The Present and the Future Depend on Us

I watch people who leave early to go to work, despite the mask and cautions, they seem happy to be able to go out. The sense of security that the recovered daily life offers is clear, the need to go one step further respect to everything there has been is clear too and not only for the economy or for the job itself, but because the psychological aspect that we all experienced on a different level is no small feat.

I hope that the discovery of the beauty of the liberated (or semi-liberated) life could bring with it the awareness of the risk, not as a form of fear and closure, but as respect and care for oneself as for the others.

The uncertainty of this time is not a bad thing but a resource.

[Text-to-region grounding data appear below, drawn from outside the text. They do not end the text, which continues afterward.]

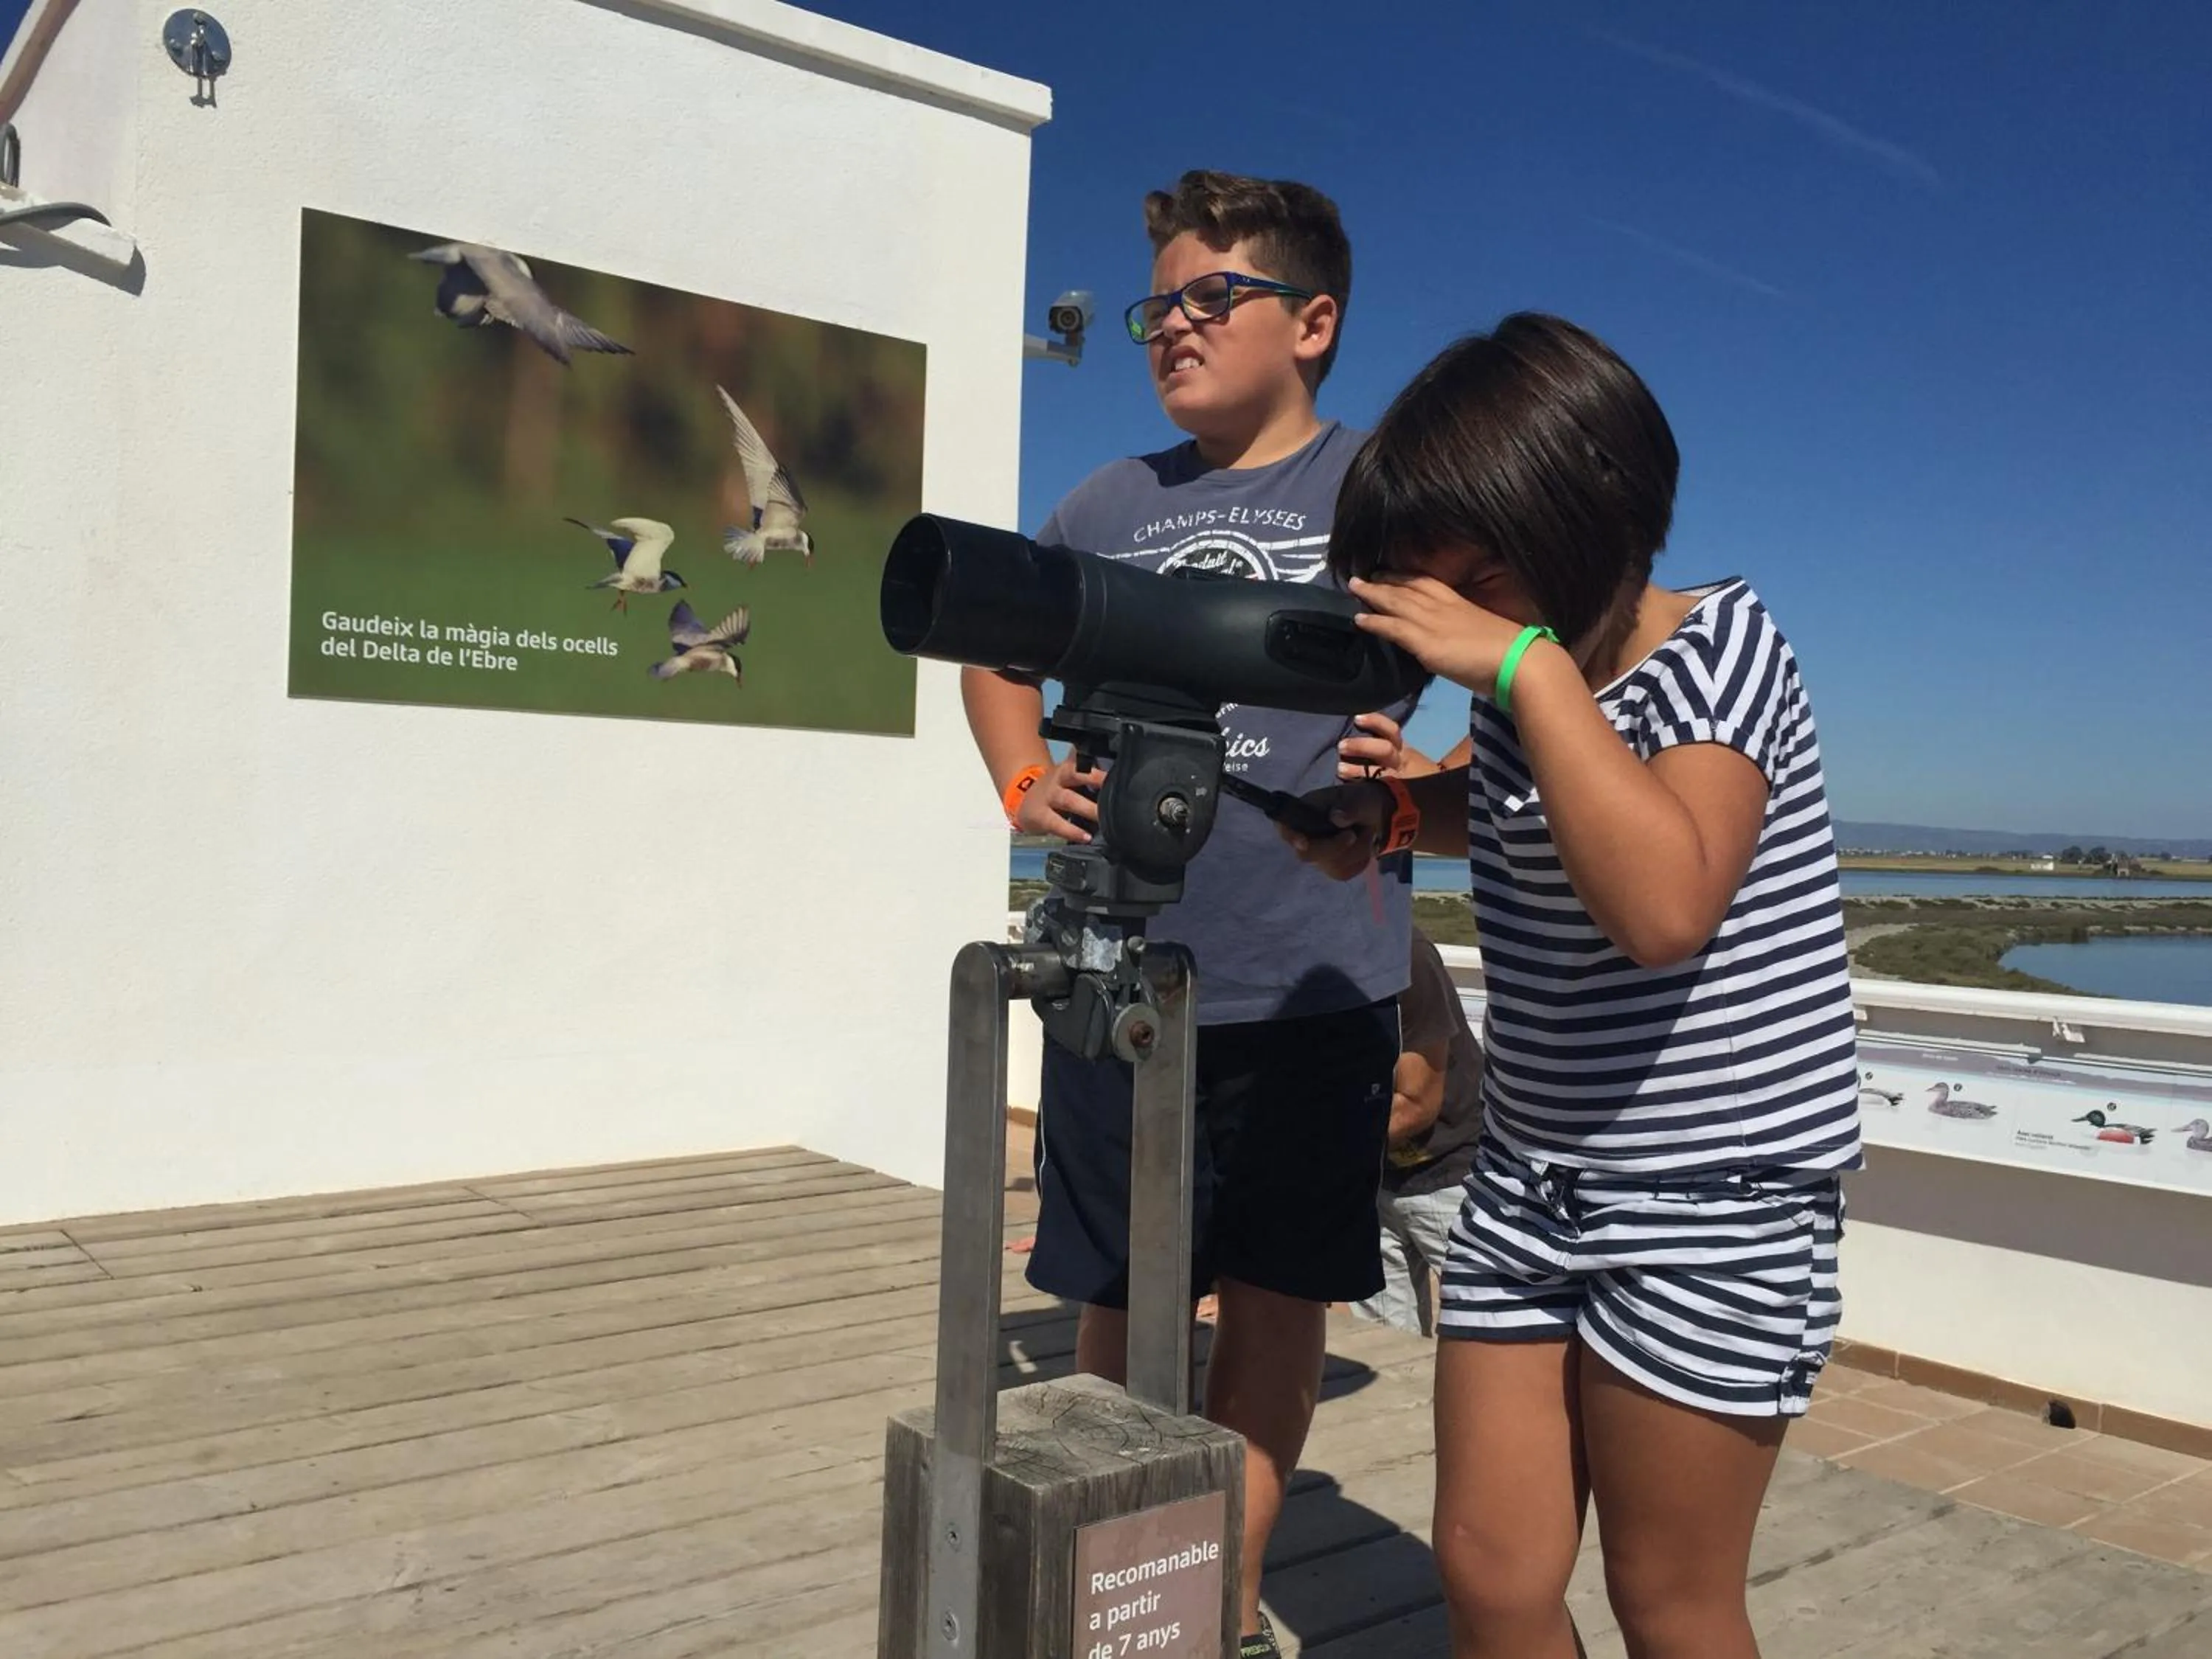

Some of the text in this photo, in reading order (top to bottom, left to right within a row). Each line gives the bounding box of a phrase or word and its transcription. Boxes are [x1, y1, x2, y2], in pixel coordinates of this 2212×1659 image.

[1133, 507, 1306, 543] CHAMPS-ELYSEES
[321, 611, 619, 656] Gaudeix la màgia dels ocells
[321, 637, 356, 658] del
[363, 640, 420, 662] Delta
[426, 649, 453, 666] de
[1091, 1540, 1219, 1594] Recomanable
[1089, 1590, 1161, 1630] a partir
[1088, 1622, 1180, 1659] de 7 anys

It showed us the fear, the serious one, the one for one’s own safety and for those we love; apparently we were also moved by the others who, for a moment, really became part of our existence.

Well, I hope that this lesson commands our heart to have patience and be kind, to our thought of thinking involving and not excluding, to our actions to be generous and welcoming because ours, of all, belongs this life of joy and pain, ours is the danger and its overcoming, ours is the victory and defeat that derives from the time that passes and lives with us.

 

Osservo le persone che escono presto per andare al lavoro, nonostante la mascherina e le cautele, sembrano contente di poter uscire. È evidente il senso di sicurezza che la quotidianità recuperata offre, è chiaro il bisogno di percorrere un passo più avanti rispetto tutto quello che c’è stato e non solo per l’economia o per il lavoro in sé, ma perché l’aspetto psicologico di quanto tutti, a livello diverso, abbiamo vissuto, non è cosa da poco.

Io spero che la scoperta della bellezza della vita liberata (o semi liberata) possa portare con sé la consapevolezza del rischio, non come forma di paura e di chiusura, quanto di rispetto e cura verso sé stessi come verso gli altri.

L’incertezza di questo tempo non è un male ma una risorsa. Ci ha mostrato la paura, quella seria, quella per l’incolumità propria e di quanti amiamo; apparentemente ci siamo commossi anche per gli altri che, per un attimo sono entrati davvero a essere parte della nostra esistenza.

Ecco, io spero che questa lezione comando al nostro cuore di avere pazienza e di essere gentile, al nostro pensiero di pensare coinvolgendo e non escludendo, alle nostre azioni di essere generose e accoglienti perché nostra, di tutti, è questa vita di gioia e di dolore, nostro è il pericolo e il suo superamento, nostra è la vittoria e la sconfitta che deriva dal tempo che trascorre e insieme a noi vive.